In your copy, leave out the pictures and reproduce the listing below exactly.
BEGIN
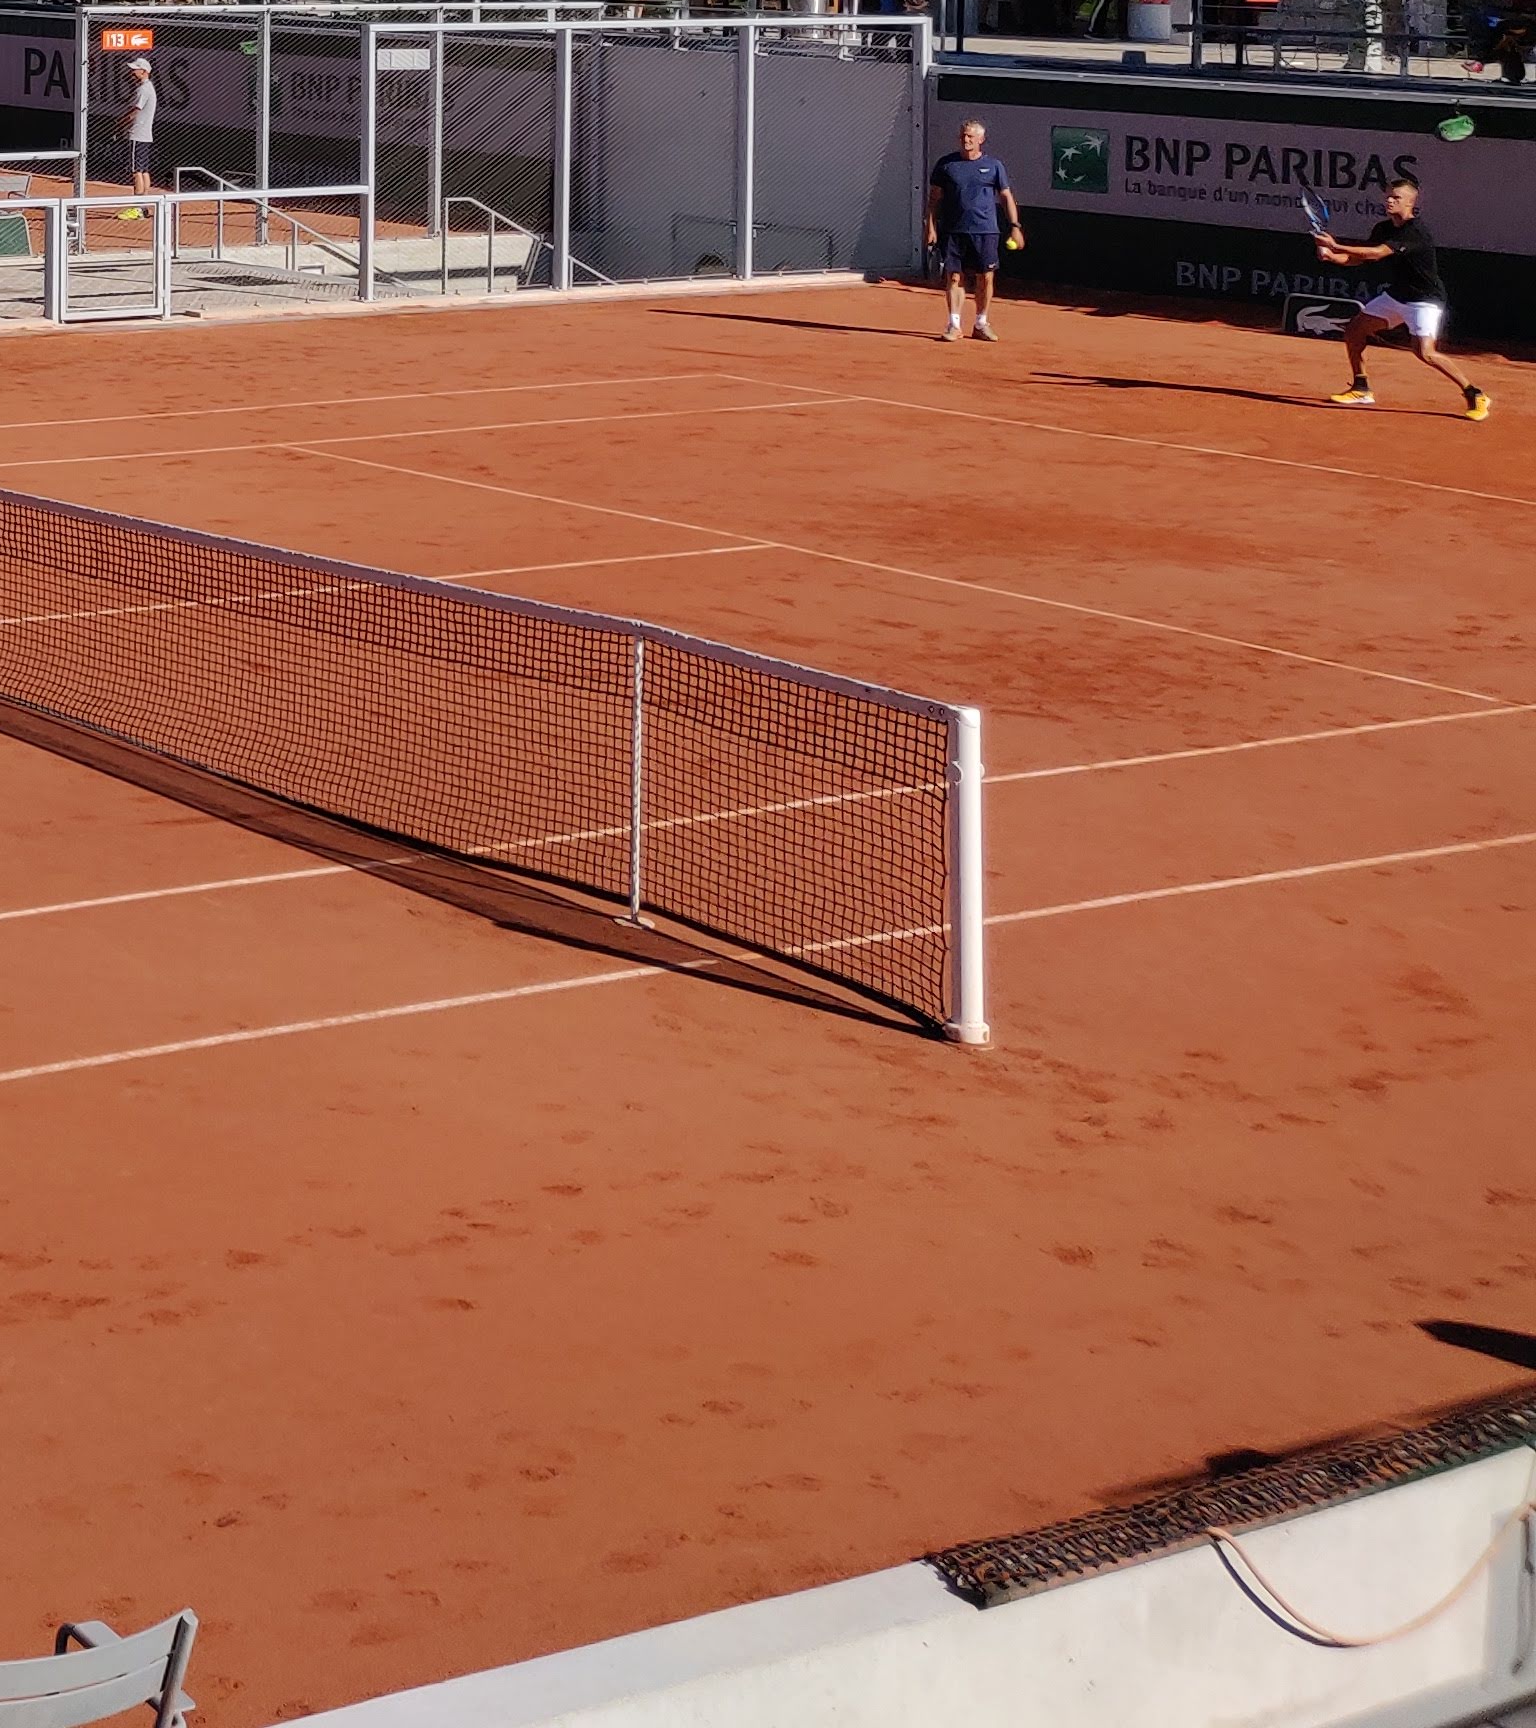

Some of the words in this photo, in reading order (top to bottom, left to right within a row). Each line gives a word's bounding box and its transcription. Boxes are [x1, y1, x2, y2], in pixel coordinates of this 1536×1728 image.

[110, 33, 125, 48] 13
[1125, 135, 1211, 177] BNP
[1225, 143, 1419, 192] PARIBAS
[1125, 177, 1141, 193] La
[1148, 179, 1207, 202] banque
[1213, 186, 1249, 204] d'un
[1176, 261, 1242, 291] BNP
END
Solution to the problem:
Some of the words in this photo, in reading order (top to bottom, left to right within a row). Each line gives a word's bounding box and its transcription. Boxes are [x1, y1, x2, y2], in pixel coordinates of this 1536×1728 image.

[110, 33, 125, 48] 13
[1125, 135, 1211, 177] BNP
[1225, 143, 1419, 192] PARIBAS
[1125, 177, 1141, 193] La
[1148, 179, 1207, 202] banque
[1213, 186, 1249, 204] d'un
[1176, 261, 1242, 291] BNP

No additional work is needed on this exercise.